I am not pro-life, but pro-choice. That original essay? It was written by me.

Read the part in italics again.

Now, I will say that I have sympathies for the pro-life position and believe that it is possible to be pro-life *AND*, at the same time, be a good person who is not delusional nor filled with hate towards women.

This, apparently, puts me outside of accepted dogma and that never ceases to amaze me.

oh, that's definitely true.

It's the people who use pro-life as an excuse for immoral reproductive strategies who I despise. The cuckolds are just foolish. (and no, this is not to suggest that all pro-life folks are cuckolds or rapists)

women have been getting knocked up since well before that

let's just say there are quite a few women who have borne children less than nine months apart. Birth records such as that indicate a nonmarital pregnancy subsequently covered up.

I believe that any mother should be able to go into pregnancy cognizant of the risks to herself and her child. If an eleven year old girl gets pregnant from "just hugging", and decides that she can't support her kid (likely, due to child labor laws), and that the kid's life is likely to be impaired due to the likely stress on her mother's body.

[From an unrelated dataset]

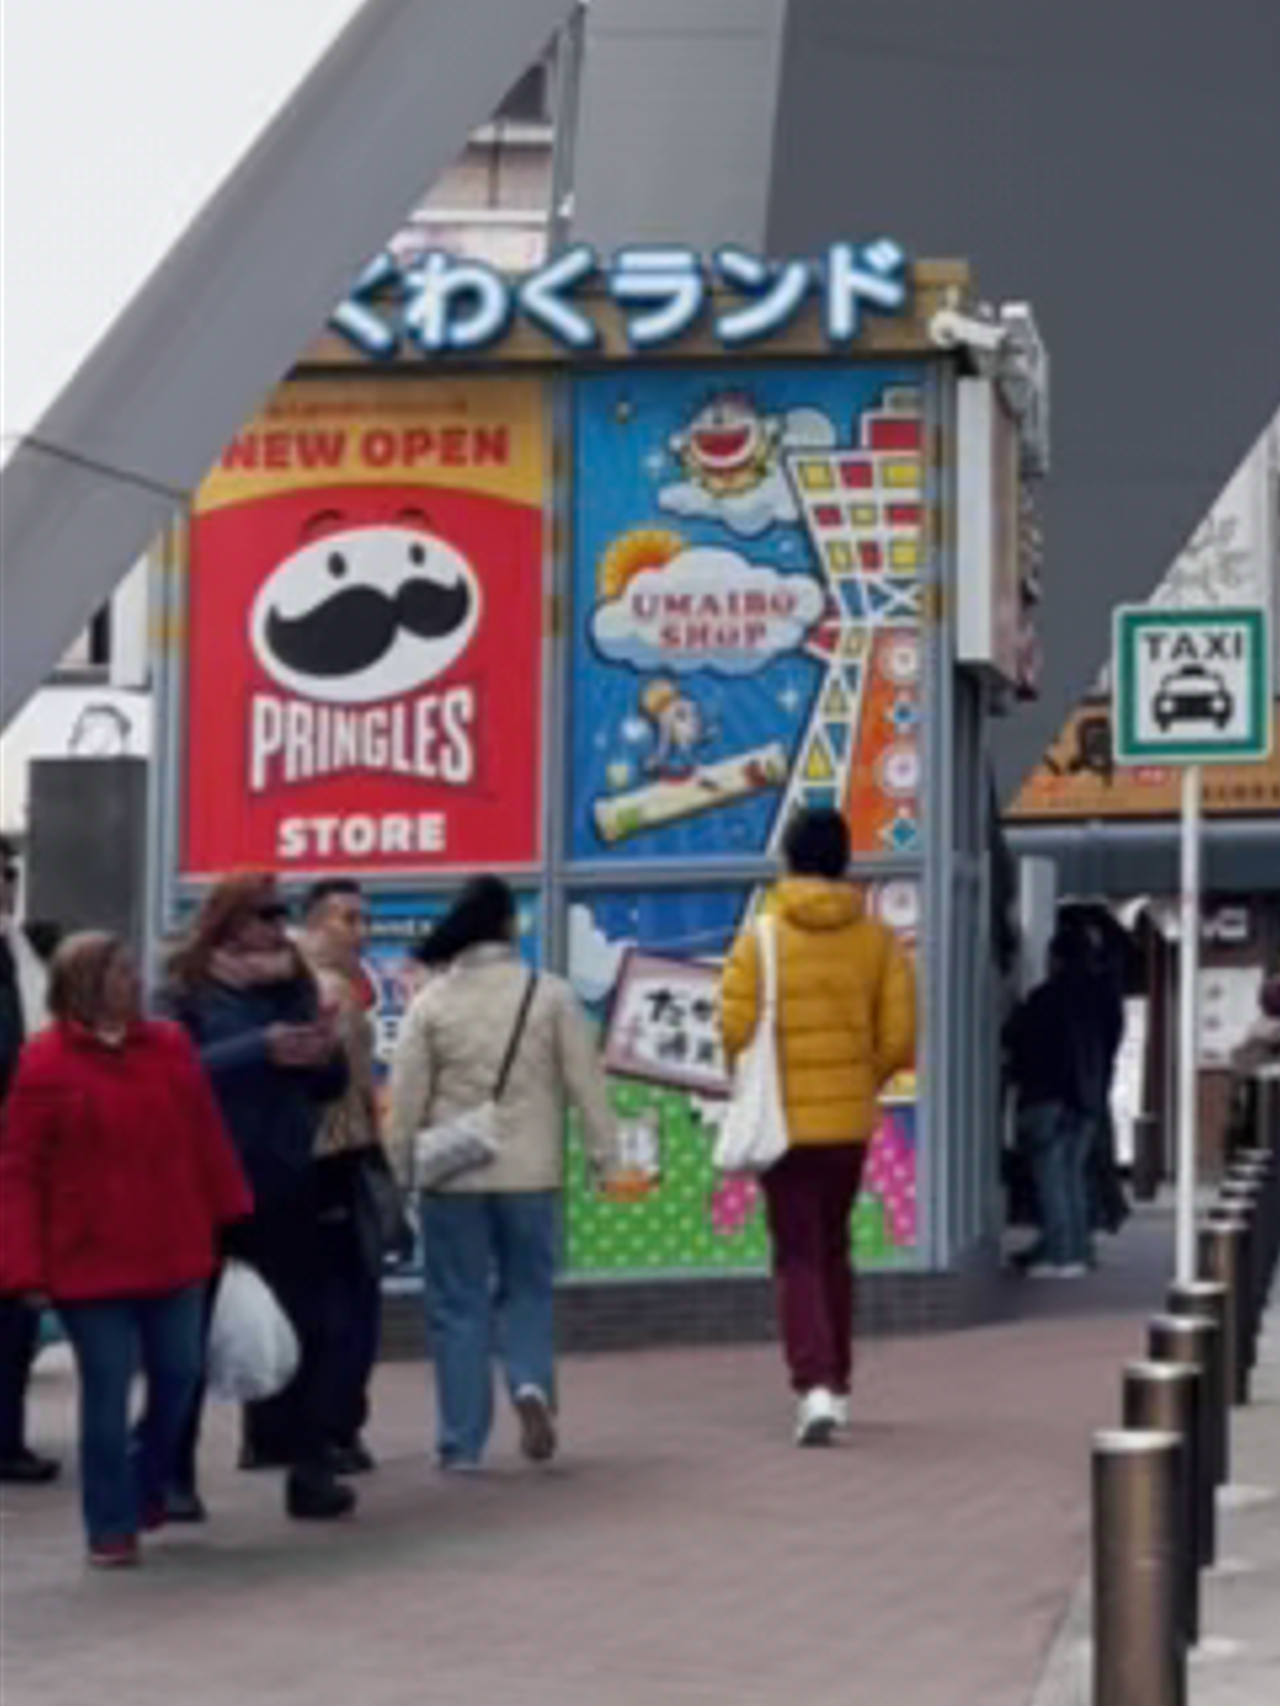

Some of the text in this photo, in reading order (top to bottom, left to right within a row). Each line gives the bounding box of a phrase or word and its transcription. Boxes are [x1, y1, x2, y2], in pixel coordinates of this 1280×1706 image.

sorry, ron paul is nuts in general

particularly his economic views, which are 75% sane and 25% batshit crazy.

I'm not saying that he couldn't be telling the truth, just that it was unlikely. besides the ectopic pregnancies, there are the hormonal imbalance, partum diabetes, and Rh+/Rh- blood issue. Pregnancy is more dangerous to a woman than abortion, actually.

It's amazing that there are any of us left.

It was a good run, I guess.

pretty soon there won't be.

the ratio of female to male births has been steadily rising... (look at dailykos, they had an article on the subject with nicely cited sources)

um, what?

Pretty soon there won't be any of us left?

You're either using a weird definition of "us" or a weird definition of "pretty soon".

above the arctic circle, they're already seeing

villages that haven't seen a male baby born in years. the statistics in America are far less drastic, and yet still statistically significant. This is what I get for attending lectures from the Center for Environmental Oncology -- a great big boatload of knowledge about how our pollution (in this case estrogen from birth control pills and shampoo) affects humanity.